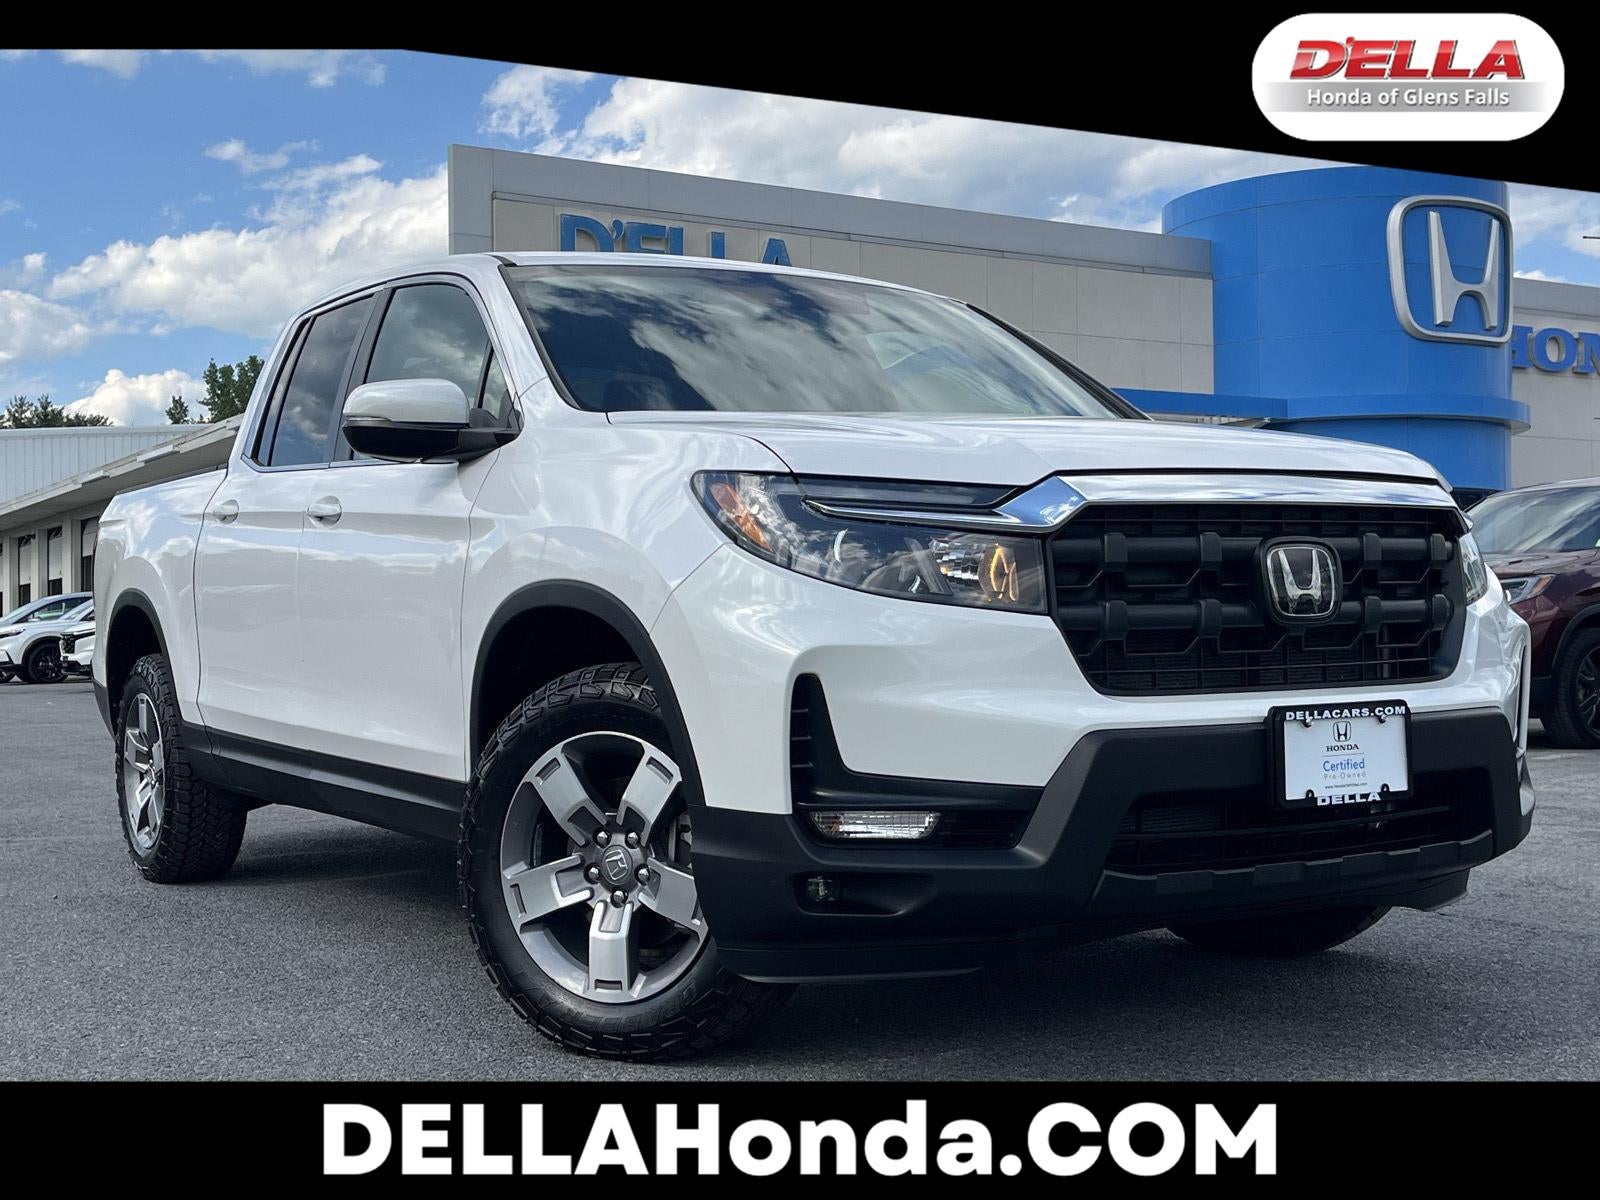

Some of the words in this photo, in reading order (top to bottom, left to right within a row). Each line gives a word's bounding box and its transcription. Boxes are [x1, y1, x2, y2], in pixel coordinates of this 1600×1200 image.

[1285, 705, 1406, 721] DELLACARS.COM
[1326, 743, 1360, 752] HONDA
[1323, 758, 1365, 772] Certified
[1316, 792, 1381, 806] DELLA
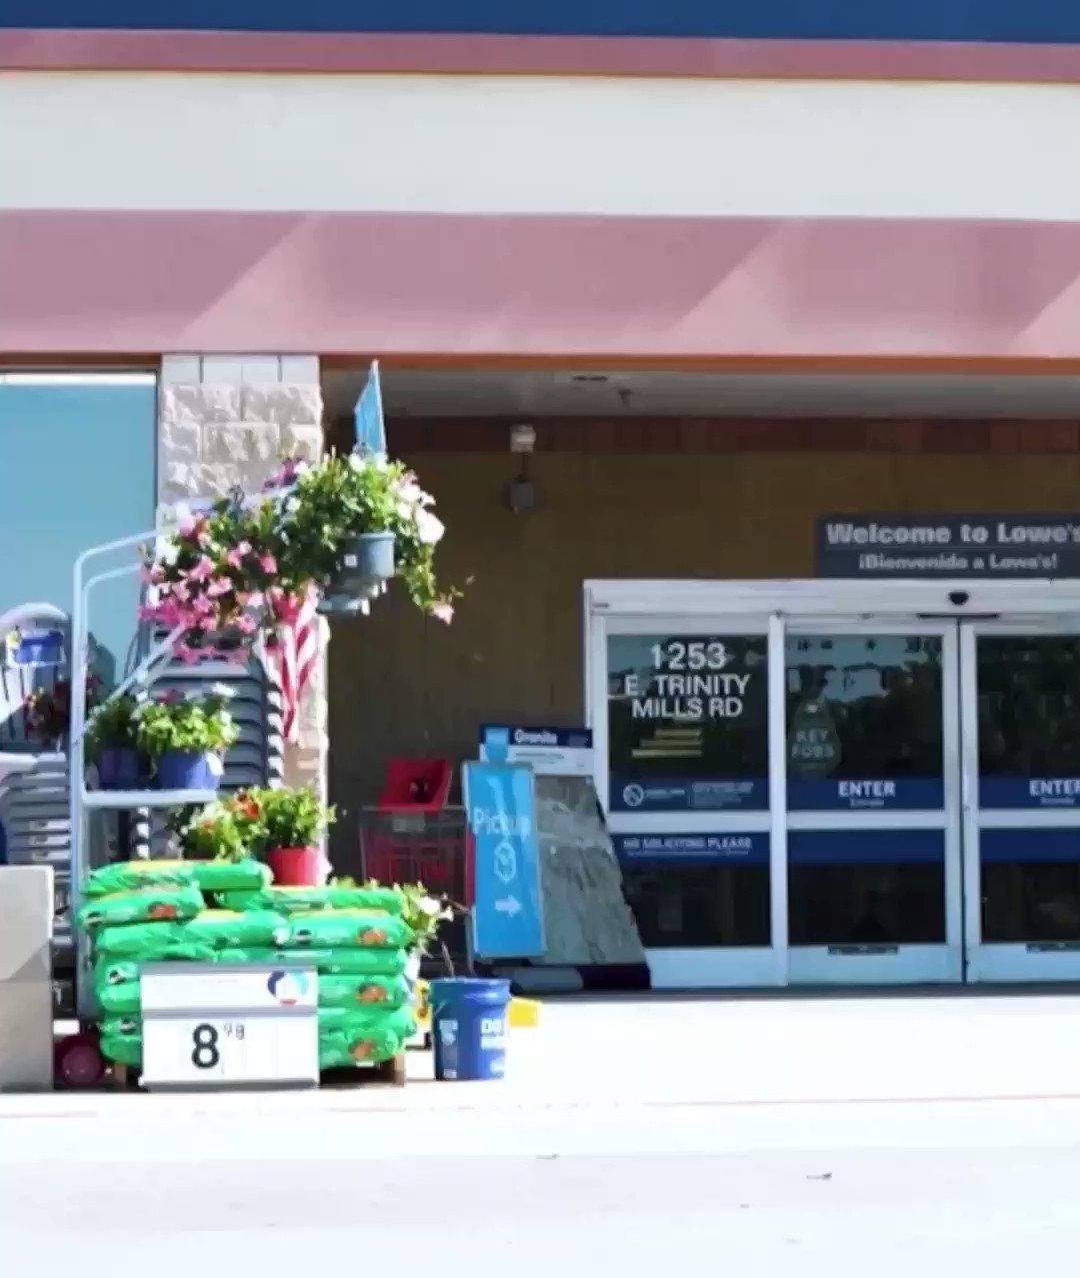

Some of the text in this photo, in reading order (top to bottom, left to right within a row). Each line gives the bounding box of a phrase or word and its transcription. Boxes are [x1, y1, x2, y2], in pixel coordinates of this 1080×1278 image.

[826, 523, 951, 544] Welcome
[960, 524, 989, 544] to
[973, 557, 985, 569] a
[651, 641, 726, 670] 1253
[624, 673, 751, 697] E. TRINITY
[631, 697, 743, 719] MILLS RD
[838, 781, 896, 798] ENTER
[191, 1023, 219, 1069] 8
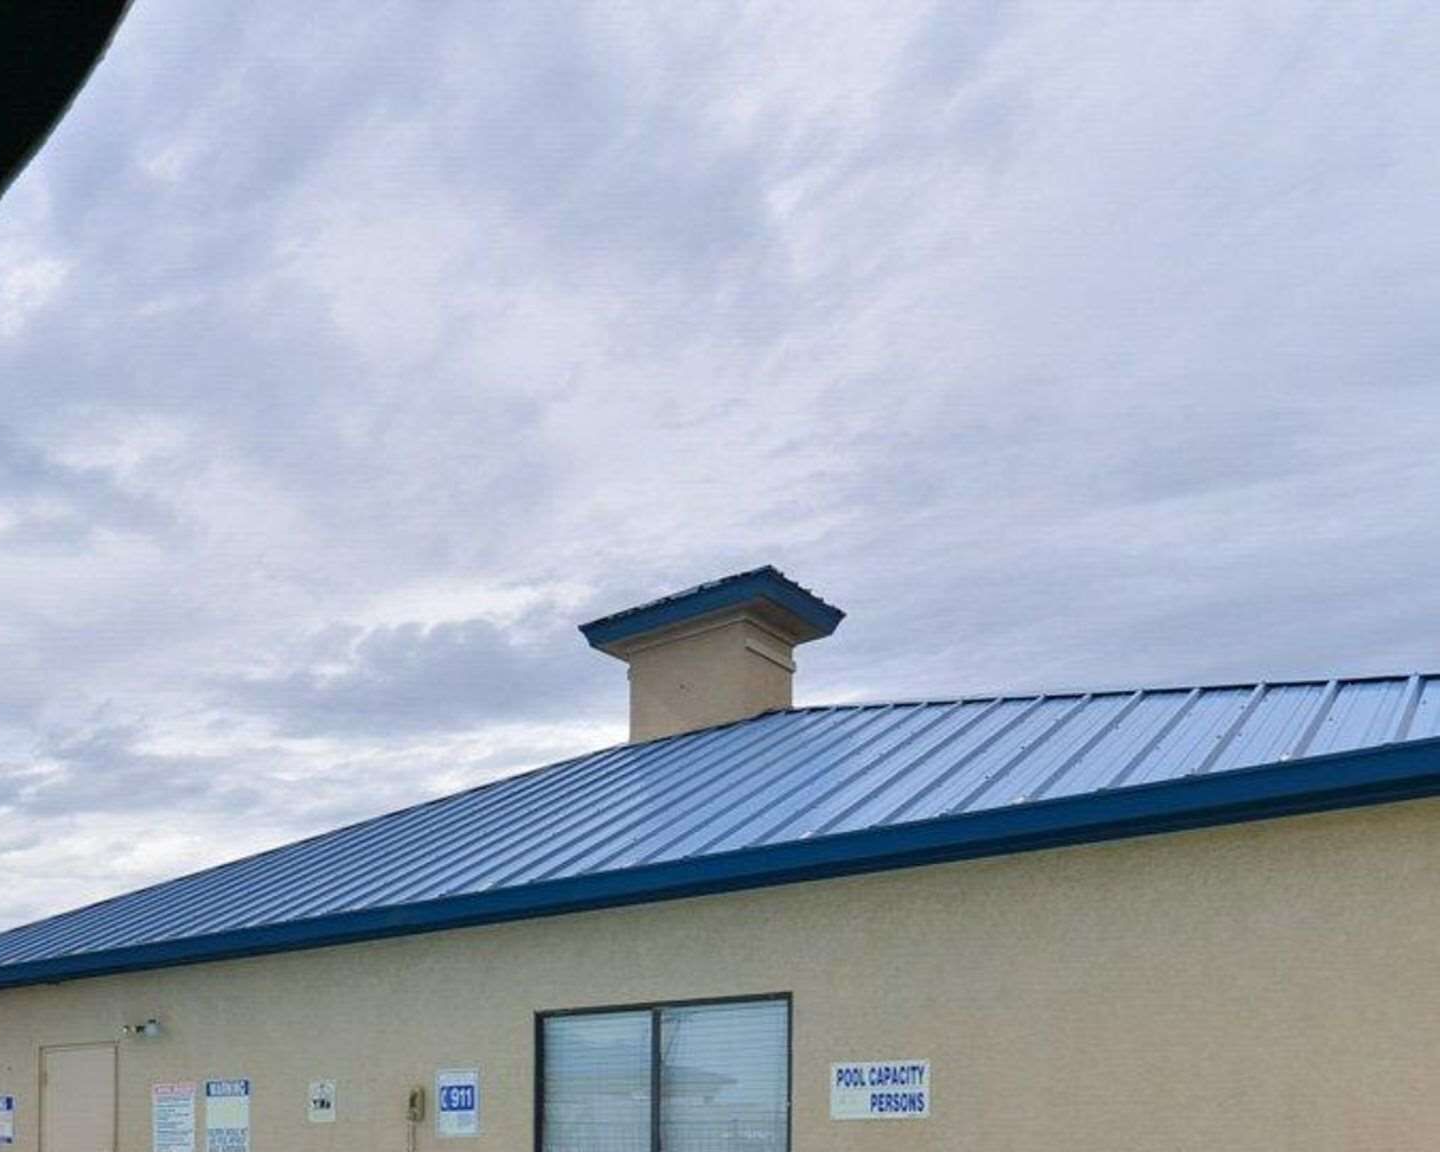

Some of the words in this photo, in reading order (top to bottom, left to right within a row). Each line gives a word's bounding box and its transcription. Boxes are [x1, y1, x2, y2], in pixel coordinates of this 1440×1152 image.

● Work task
Reproduce the entries exactly. Do not carry over any picture.

● Solution to the exercise
Some of the words in this photo, in reading order (top to bottom, left to right within a row). Each line gives a word's bounding box and its transcription. Boxes are [x1, y1, x2, y2], in pixel coordinates of this 1600×1200 image.

[1285, 705, 1406, 721] DELLACARS.COM
[1326, 743, 1360, 752] HONDA
[1323, 758, 1365, 772] Certified
[1316, 792, 1381, 806] DELLA

Some of the text in this photo, in reading order (top to bottom, left to right within a row). Each line gives the bounding box of a phrase or word and its transcription. Boxes are [x1, y1, x2, y2], in pixel coordinates of this 1080×1278 image.

[826, 523, 951, 544] Welcome
[960, 524, 989, 544] to
[973, 557, 985, 569] a
[651, 641, 726, 670] 1253
[624, 673, 751, 697] E. TRINITY
[631, 697, 743, 719] MILLS RD
[838, 781, 896, 798] ENTER
[191, 1023, 219, 1069] 8

Some of the words in this photo, in reading order (top to bottom, left to right within a row). Each line gives a word's bounding box and its transcription. Boxes are [x1, y1, x2, y2], in pixel coordinates of this 1440×1152 image.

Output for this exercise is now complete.